La leggenda di Romolo aleggia intorno al sepolcro ritrovato

 

La riscoperta presso il Foro di un misterioso ipogeo con sarcofago e altare arcaici, aggiunge un ulteriore heroon a quelli tradizionalmente collegati al culto del mitico fondatore di Roma.

 

Arch. Marco Proietti Ph. D.

 

Venerdi 21 febbraio alle ore 11,00, in una radiosa mattinata quasi primaverile, la Direttrice del Parco archeologico del Colosseo, Alfonsina Russo, ha presentato ad un numeroso pubblico di addetti stampa italiani e stranieri una tra le novità dagli scavi  presso la Curia Comitium.

Tra il 1930 ed il 1939 importanti lavori di recupero e di liberazione delle strutture della Curia Romana di tarda età imperiale condussero alla demolizione della chiesa di Sant’Adriano sorta nel VII secolo su di essa.

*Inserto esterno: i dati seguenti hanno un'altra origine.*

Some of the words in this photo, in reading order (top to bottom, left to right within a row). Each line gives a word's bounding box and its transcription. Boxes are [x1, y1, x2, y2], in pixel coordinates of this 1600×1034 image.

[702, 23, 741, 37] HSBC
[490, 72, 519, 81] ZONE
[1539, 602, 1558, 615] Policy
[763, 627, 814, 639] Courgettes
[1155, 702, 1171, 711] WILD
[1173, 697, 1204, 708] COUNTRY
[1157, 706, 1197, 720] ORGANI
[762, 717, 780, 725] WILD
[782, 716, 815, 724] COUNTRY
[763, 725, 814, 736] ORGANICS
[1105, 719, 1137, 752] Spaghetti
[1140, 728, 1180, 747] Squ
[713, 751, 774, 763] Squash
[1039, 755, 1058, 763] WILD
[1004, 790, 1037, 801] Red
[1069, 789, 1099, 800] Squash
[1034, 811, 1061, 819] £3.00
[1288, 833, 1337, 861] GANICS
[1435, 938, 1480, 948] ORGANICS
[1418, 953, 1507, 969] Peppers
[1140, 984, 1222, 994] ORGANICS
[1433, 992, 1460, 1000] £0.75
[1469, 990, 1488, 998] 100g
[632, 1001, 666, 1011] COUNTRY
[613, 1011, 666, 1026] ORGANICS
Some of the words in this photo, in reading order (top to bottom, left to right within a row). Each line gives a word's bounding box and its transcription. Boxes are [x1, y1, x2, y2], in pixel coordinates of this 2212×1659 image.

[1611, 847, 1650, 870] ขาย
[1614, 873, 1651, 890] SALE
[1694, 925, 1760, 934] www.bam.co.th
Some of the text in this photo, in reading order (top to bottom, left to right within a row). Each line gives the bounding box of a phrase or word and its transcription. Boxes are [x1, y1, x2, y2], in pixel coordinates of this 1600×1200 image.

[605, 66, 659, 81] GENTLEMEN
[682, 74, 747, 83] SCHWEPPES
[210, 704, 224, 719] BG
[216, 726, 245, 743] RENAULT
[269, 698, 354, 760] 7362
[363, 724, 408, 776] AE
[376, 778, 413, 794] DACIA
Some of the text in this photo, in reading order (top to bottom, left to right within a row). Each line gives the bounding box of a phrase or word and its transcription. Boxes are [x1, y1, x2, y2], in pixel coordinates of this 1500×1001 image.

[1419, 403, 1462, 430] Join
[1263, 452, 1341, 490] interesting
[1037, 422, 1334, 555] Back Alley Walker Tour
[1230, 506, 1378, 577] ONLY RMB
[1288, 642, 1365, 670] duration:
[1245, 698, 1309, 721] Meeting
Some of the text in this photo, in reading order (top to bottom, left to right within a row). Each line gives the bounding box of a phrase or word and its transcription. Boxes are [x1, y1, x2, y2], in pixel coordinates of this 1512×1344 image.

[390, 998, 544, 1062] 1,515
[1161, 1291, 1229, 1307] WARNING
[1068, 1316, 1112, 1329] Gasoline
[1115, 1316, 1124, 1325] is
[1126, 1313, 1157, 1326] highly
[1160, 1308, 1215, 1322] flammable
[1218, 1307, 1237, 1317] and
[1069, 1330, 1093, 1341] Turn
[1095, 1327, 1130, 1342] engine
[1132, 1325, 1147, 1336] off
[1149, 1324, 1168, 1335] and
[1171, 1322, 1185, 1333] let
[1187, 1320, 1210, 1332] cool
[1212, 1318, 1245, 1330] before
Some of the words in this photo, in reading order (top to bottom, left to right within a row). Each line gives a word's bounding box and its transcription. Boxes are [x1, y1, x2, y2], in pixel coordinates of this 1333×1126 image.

Alfonso Bartoli, realizzando la semplice scala di accesso che dava adito allo squadrato edificio l’aveva sovrapposta a quanto scavato nel 1898 dall’archeologo Giacomo Boni, che in una importante campagna di scavi nel Foro repubblicano aveva riportato alla luce il Lapis Niger, il Comitium ed il piccolo ipogeo oggi ritrovato.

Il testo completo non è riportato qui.